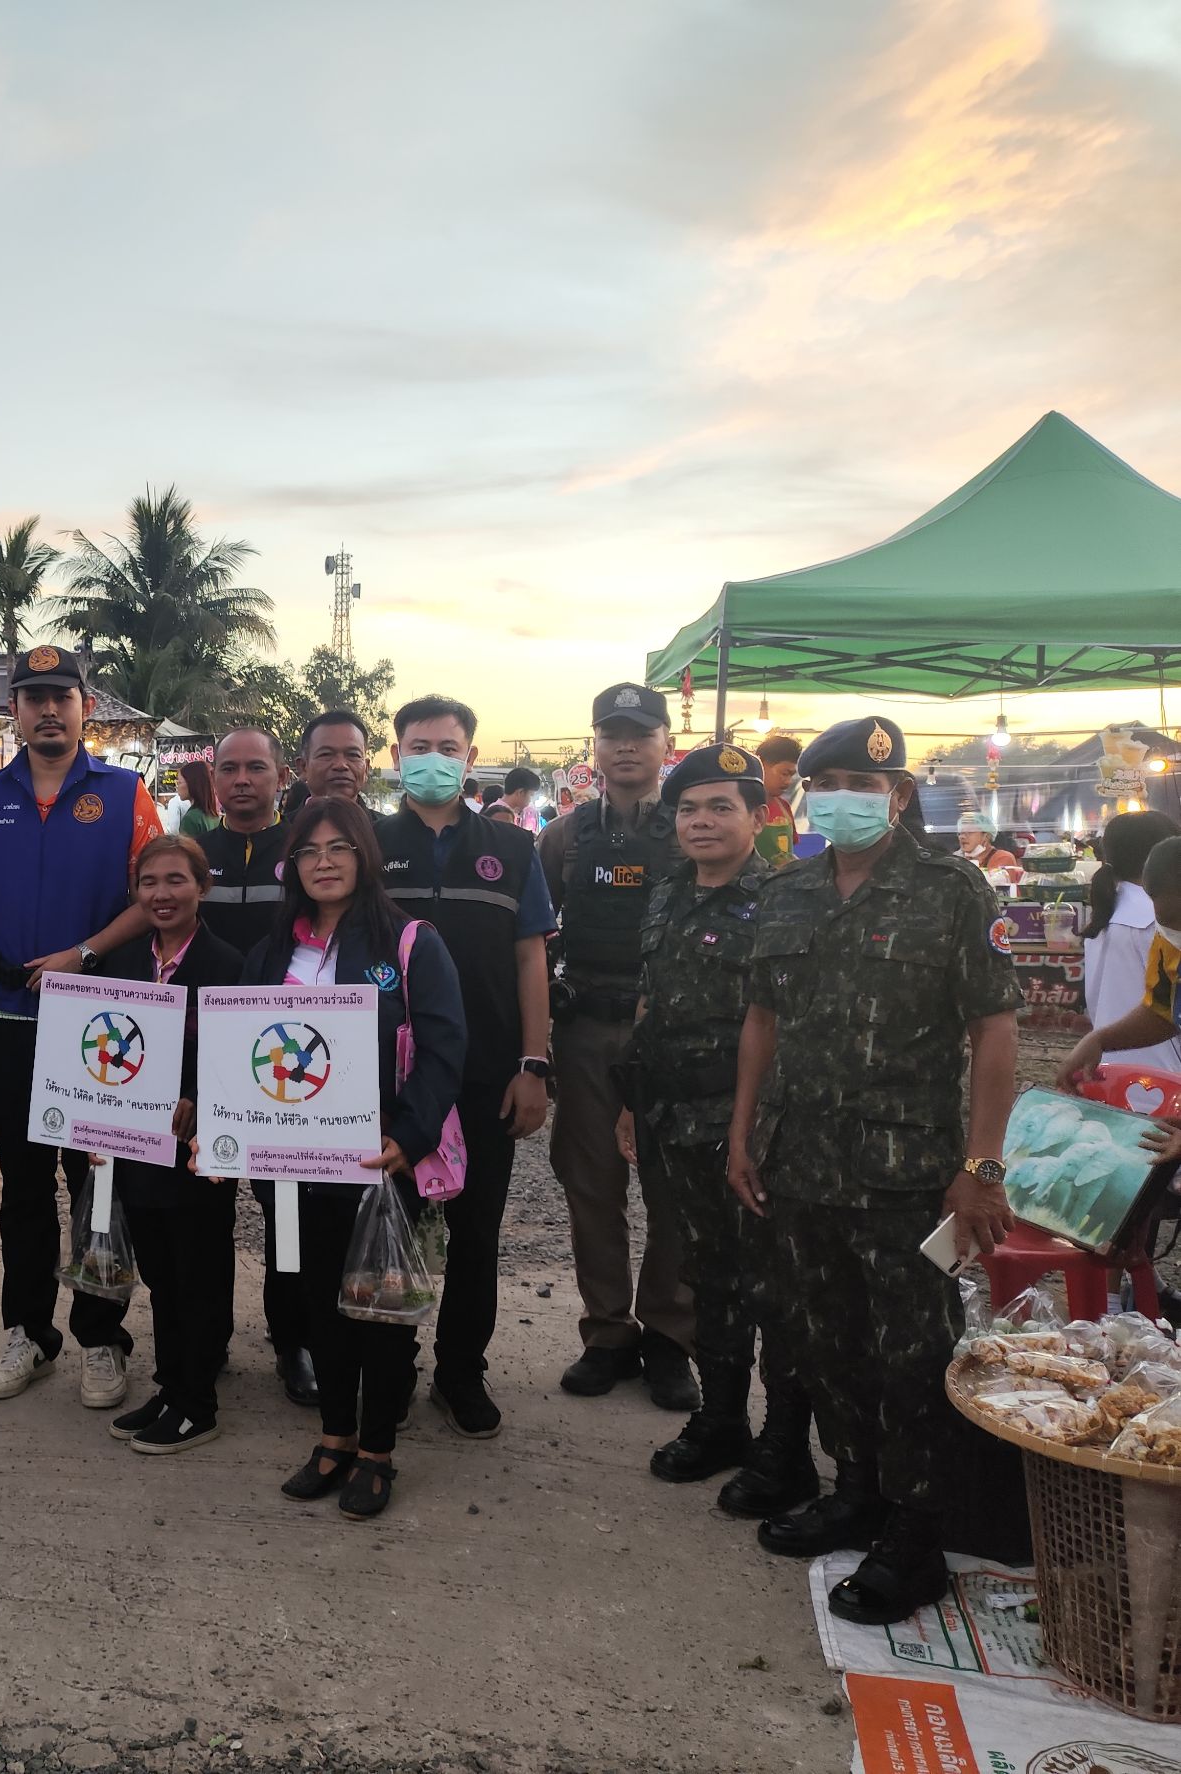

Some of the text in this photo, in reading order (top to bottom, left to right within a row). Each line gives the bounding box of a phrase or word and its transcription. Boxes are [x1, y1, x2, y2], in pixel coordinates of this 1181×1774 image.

[570, 772, 588, 786] 25
[45, 978, 175, 1004] สังคมลดขอทาน บนฐานความร่วมมือ
[204, 992, 364, 1009] สังคมลดขอทาน บนฐานความร่วมมือ
[45, 1078, 70, 1098] ให้ทาน
[73, 1087, 94, 1104] ให้คิด
[96, 1092, 123, 1109] ให้ชีวิต
[213, 1103, 243, 1122] ให้ทาน
[246, 1109, 272, 1126] ให้คิด
[275, 1112, 309, 1127] ให้ชีวิต
═══
| DESCRIPTION OF THE TASK |
The result should be an exact repetition of all the records. Drop the pictures.

| SOLUTION FOR THIS PROBLEM |
Some of the text in this photo, in reading order (top to bottom, left to right within a row). Each line gives the bounding box of a phrase or word and its transcription. Boxes are [x1, y1, x2, y2], in pixel coordinates of this 1181×1774 image.

[570, 772, 588, 786] 25
[45, 978, 175, 1004] สังคมลดขอทาน บนฐานความร่วมมือ
[204, 992, 364, 1009] สังคมลดขอทาน บนฐานความร่วมมือ
[45, 1078, 70, 1098] ให้ทาน
[73, 1087, 94, 1104] ให้คิด
[96, 1092, 123, 1109] ให้ชีวิต
[213, 1103, 243, 1122] ให้ทาน
[246, 1109, 272, 1126] ให้คิด
[275, 1112, 309, 1127] ให้ชีวิต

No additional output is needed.